It is little known that recently retired State Auditor Joe DeNucci, one of the era's foremost Italian-American politicians, was the glue that held the program together at a big St. Patrick's Day event in the City of Everett, MA.
DeNucci served for years as master of ceremonies at the annual dinner of The Friendly Sons of St. Patrick of Everett, which was held in those days (the 1980s and 1990s) at the old Bon Saison restaurant/function hall in Everett Square.
He always pointed out that, here he was, an Italian headlining an Irish event at a restaurant with a French name. "Only in America, uh folks?" he would exclaim. "Don't we have a great country!" This was a surefire applause line in multi-ethnic Everett.
The story of how DeNucci came to the Friendly Sons headtable year after year -- and a marvelous MC he was -- sheds light on his special appeal as a person and politician.
At the podium for the first time, DeNucci recounted his introduction to Joe Curnane, the organization's chairman for life and the kingmaker publisher of the city's weekly newspaper, the Everett Leader Herald and News Gazette:
"It's my first campaign for Auditor and everyone's telling me, you have to go out to Everett and make your case to Joe Curnane because, if Joe endorses you, you'll carry Everett. There's a lot of votes in Everett. So I went to kiss the big guy's ring."
DeNucci paused to inject a little suspense, then continued:
"I had never met Joe and didn't know what to expect. I'd heard he was close to Ted Kennedy and had worked in Jack Kennedy's presidential campaign in 1960, so he obviously knew his stuff.
"Well, I made my pitch and Joe just sat there, blowing cigar smoke at me, not saying anything. When I was finished, he said, 'Tell you what, kid. If lightning hits the shithouse and you win this thing, come back to me and we'll talk.' "

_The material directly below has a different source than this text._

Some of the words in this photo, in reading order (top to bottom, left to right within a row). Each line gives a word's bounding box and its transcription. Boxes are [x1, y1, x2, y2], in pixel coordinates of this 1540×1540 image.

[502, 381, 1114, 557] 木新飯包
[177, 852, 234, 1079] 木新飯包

The audience howled. Knowing Curnane, this sounded absolutely real to them.
"How do you like that, folks?" DeNucci asked, his broad face a picture of mirth. "If lightning hits the shithouse, come back to me and we'll talk.

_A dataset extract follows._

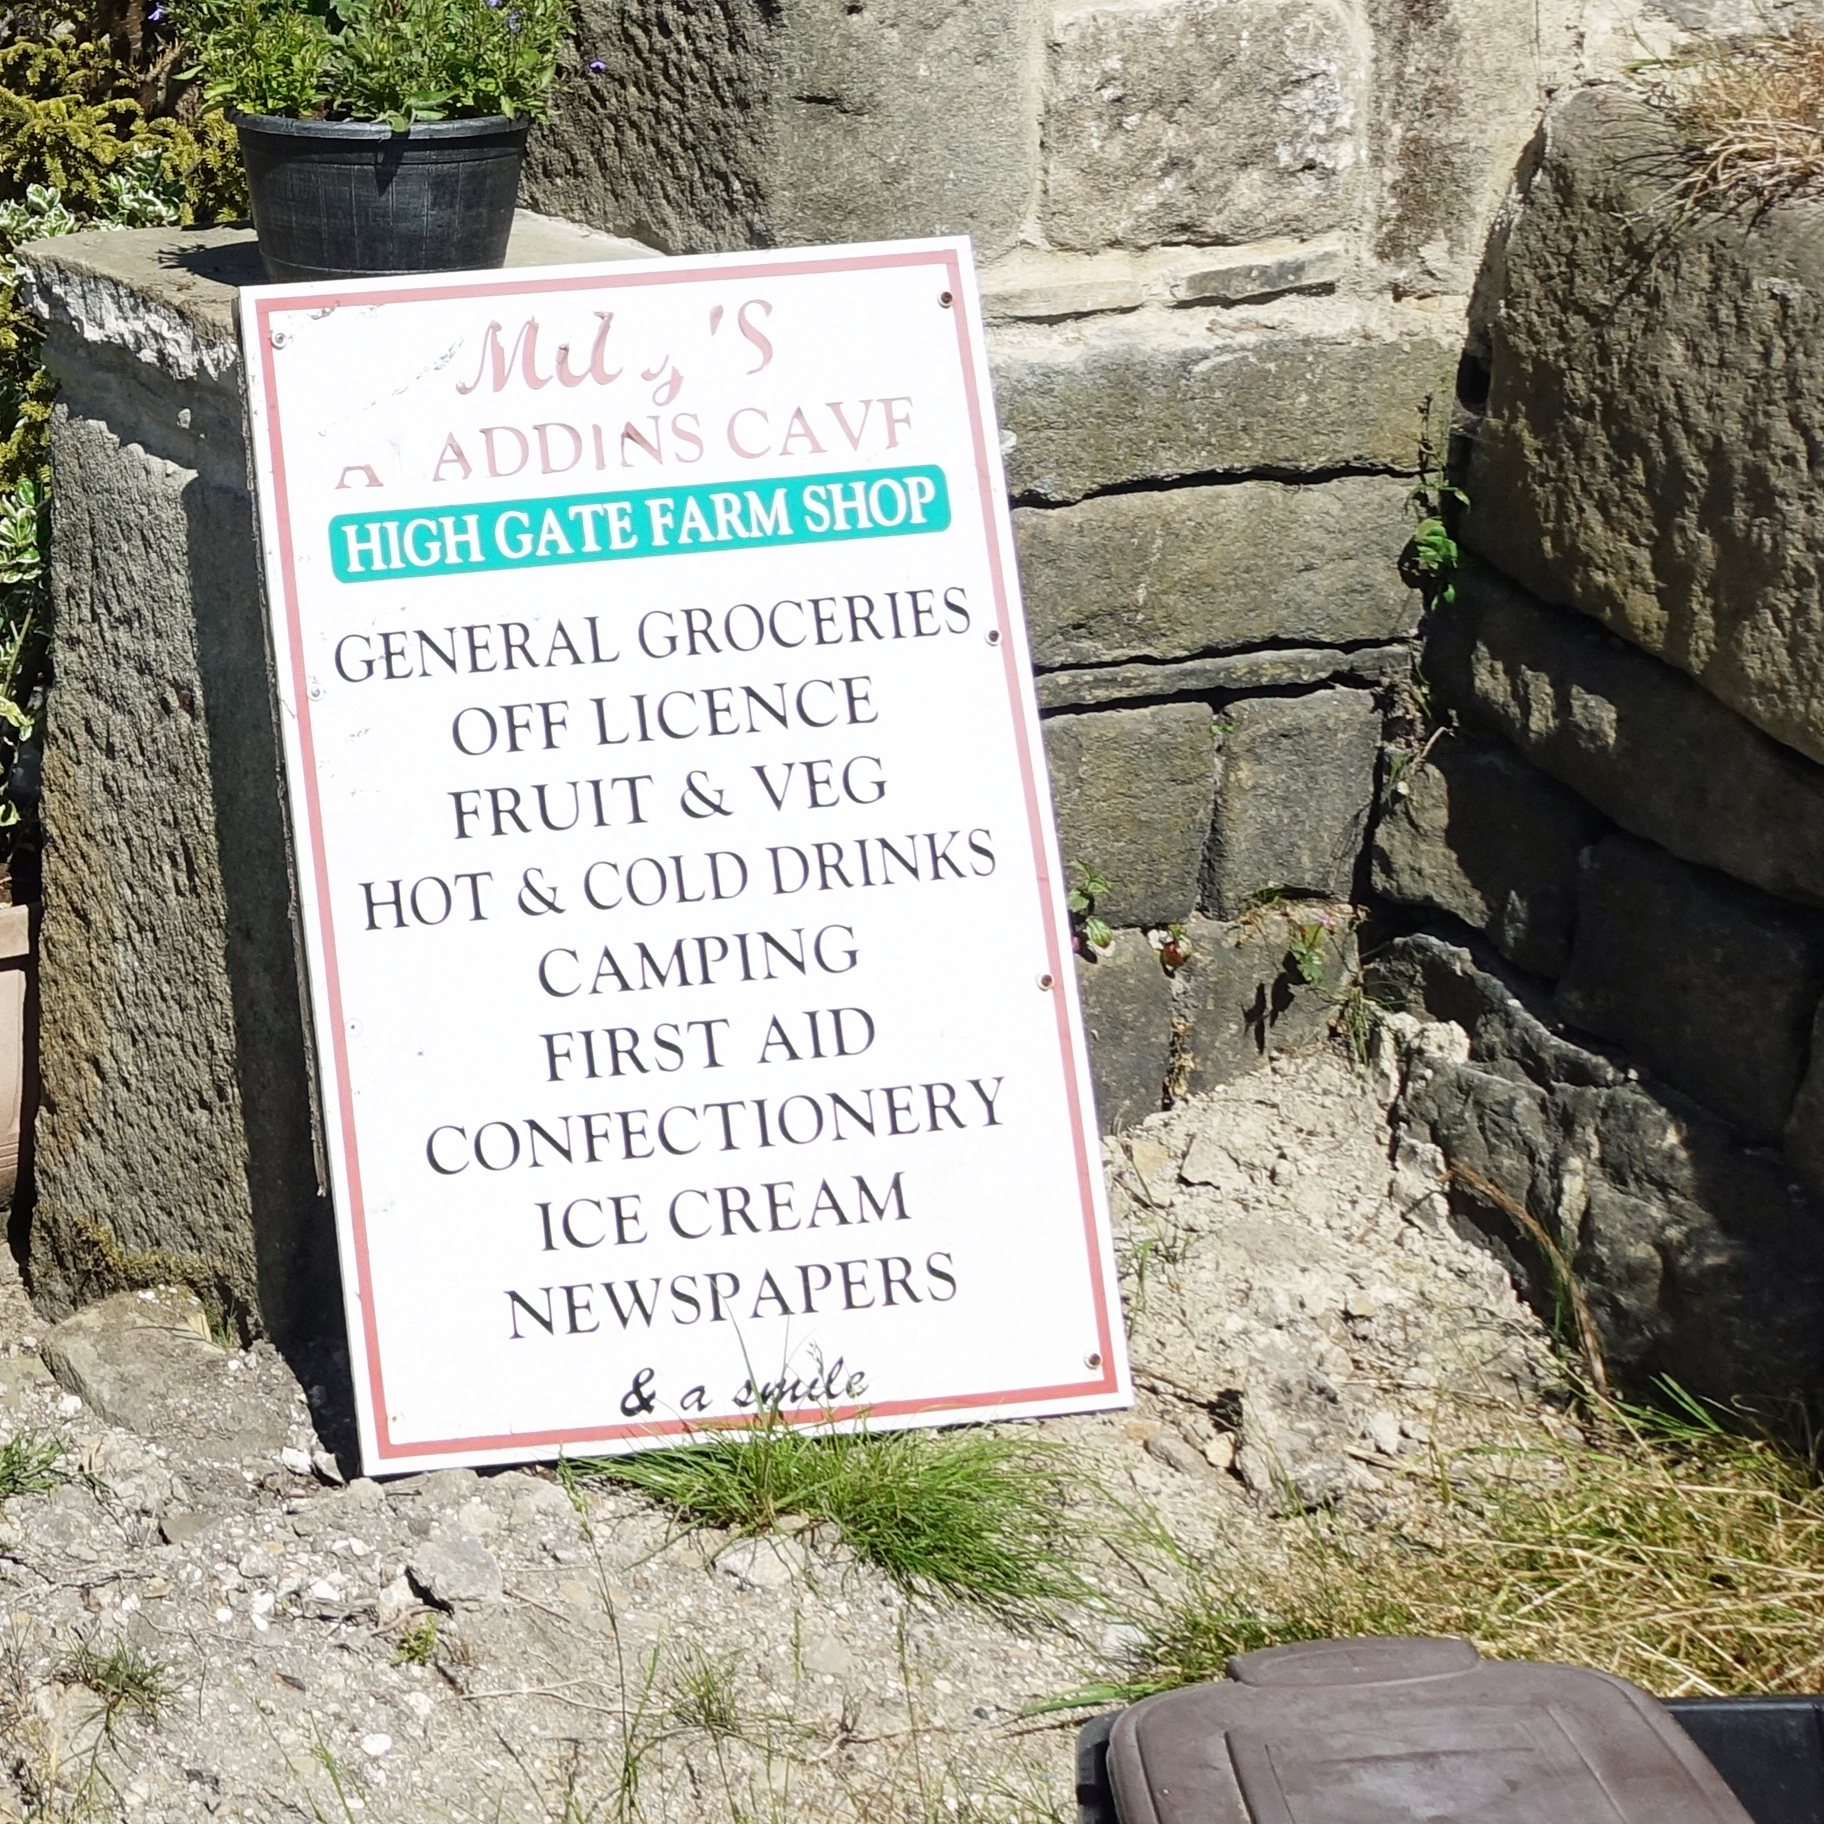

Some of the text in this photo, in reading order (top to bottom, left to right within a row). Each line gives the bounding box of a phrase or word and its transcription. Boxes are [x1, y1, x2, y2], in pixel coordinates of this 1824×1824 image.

"But, you know what, I won! I came back to Everett to see Joe Curnane. We became friends and he's been with me ever since."
Turning to Curnane, who was sitting on the dais, no expression on his face, DeNucci said, "Gotta love this guy. A real straight shooter!" Curnane smiled slightly.
The two Joes in fact built an enduring friendship from that inauspicious start in a cramped, smoky newspaper office on an Everett side street.
When Curnane was running the show, press releases from the Auditor's office always got a lot of play in the Leader Herald, the Auditor never failed to draw a big vote in Everett, and DeNucci kept returning to the Bon Saison on St. Patrick's weekend. The Friendly Sons and the friends of The Friendly Sons never tired of his act.
It all happened because DeNucci didn't take himself too seriously, and because Curnane liked a pol who could not only take a punch but could turn it into good dinner-circuit schtik.